[Stored items from a collection]
────
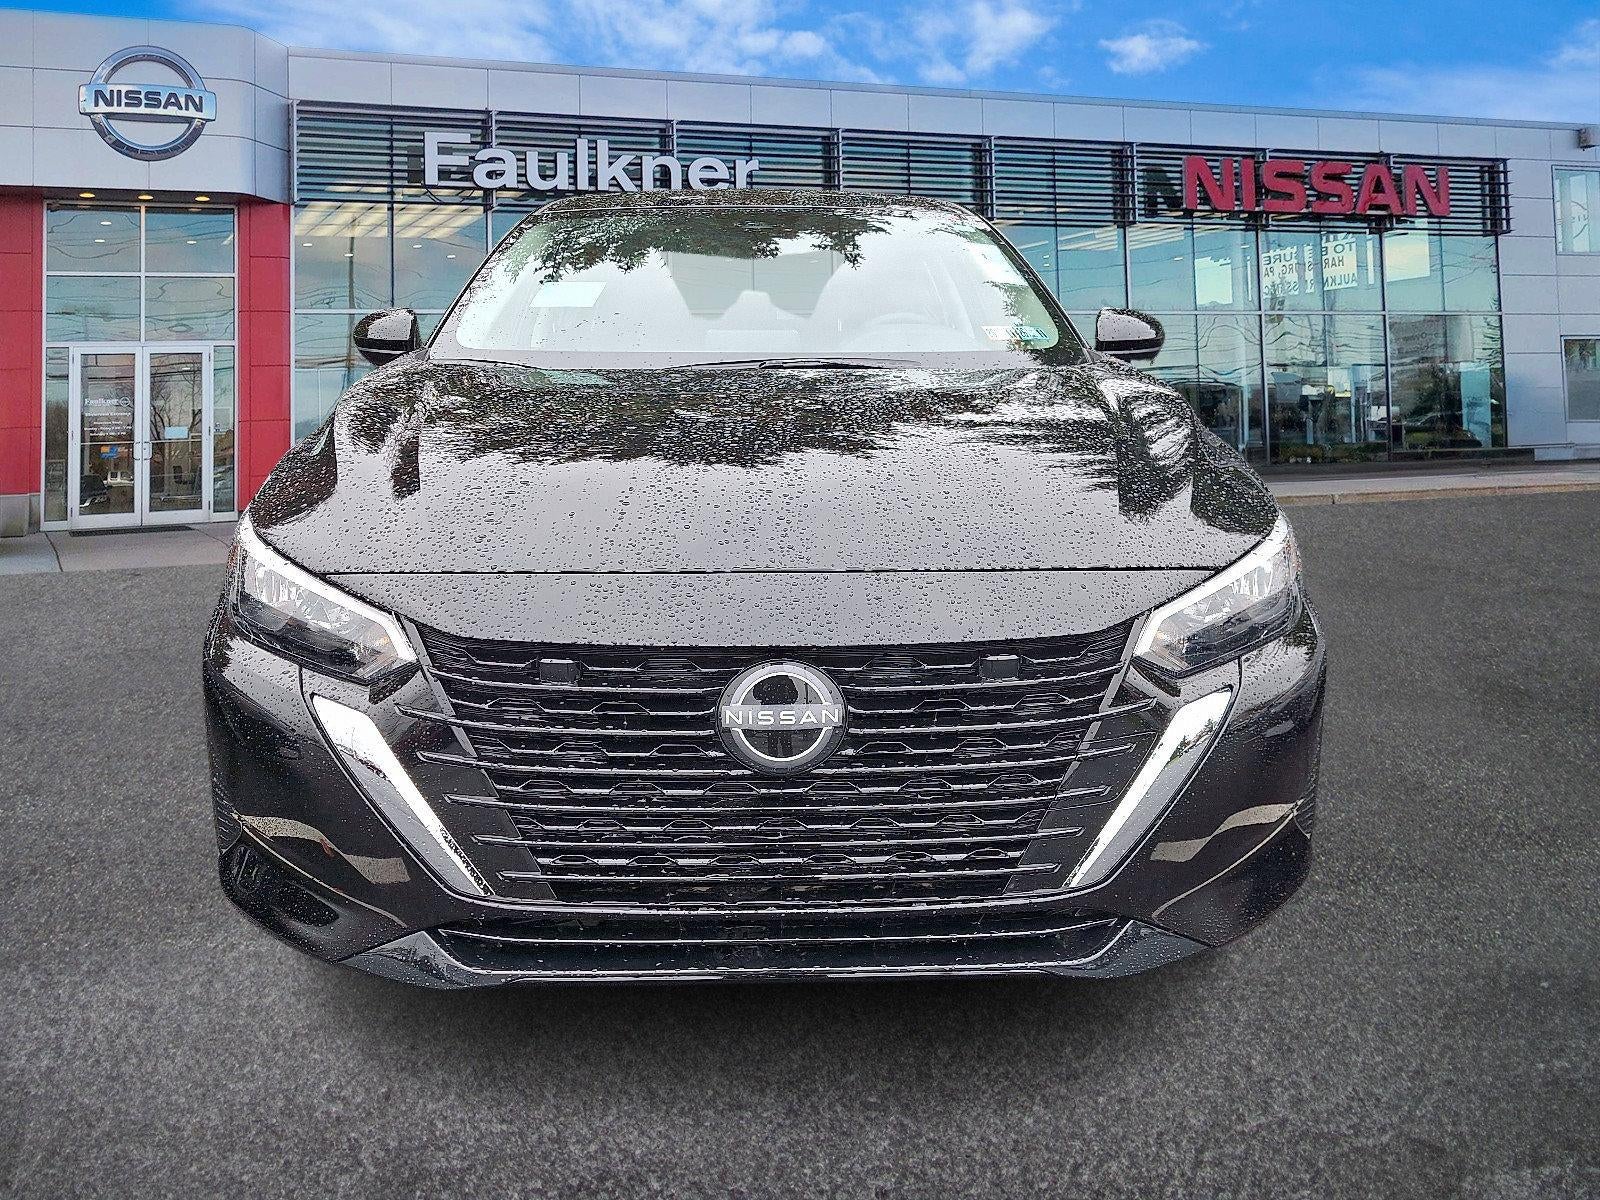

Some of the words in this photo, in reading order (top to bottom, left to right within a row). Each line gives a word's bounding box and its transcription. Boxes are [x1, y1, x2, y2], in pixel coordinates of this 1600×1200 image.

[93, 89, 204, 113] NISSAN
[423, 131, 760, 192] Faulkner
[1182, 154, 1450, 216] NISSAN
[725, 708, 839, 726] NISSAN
────
Your task> Please give the records above again exactly as they stand, with no pictures.

Response>
Some of the words in this photo, in reading order (top to bottom, left to right within a row). Each line gives a word's bounding box and its transcription. Boxes are [x1, y1, x2, y2], in pixel coordinates of this 1600×1200 image.

[93, 89, 204, 113] NISSAN
[423, 131, 760, 192] Faulkner
[1182, 154, 1450, 216] NISSAN
[725, 708, 839, 726] NISSAN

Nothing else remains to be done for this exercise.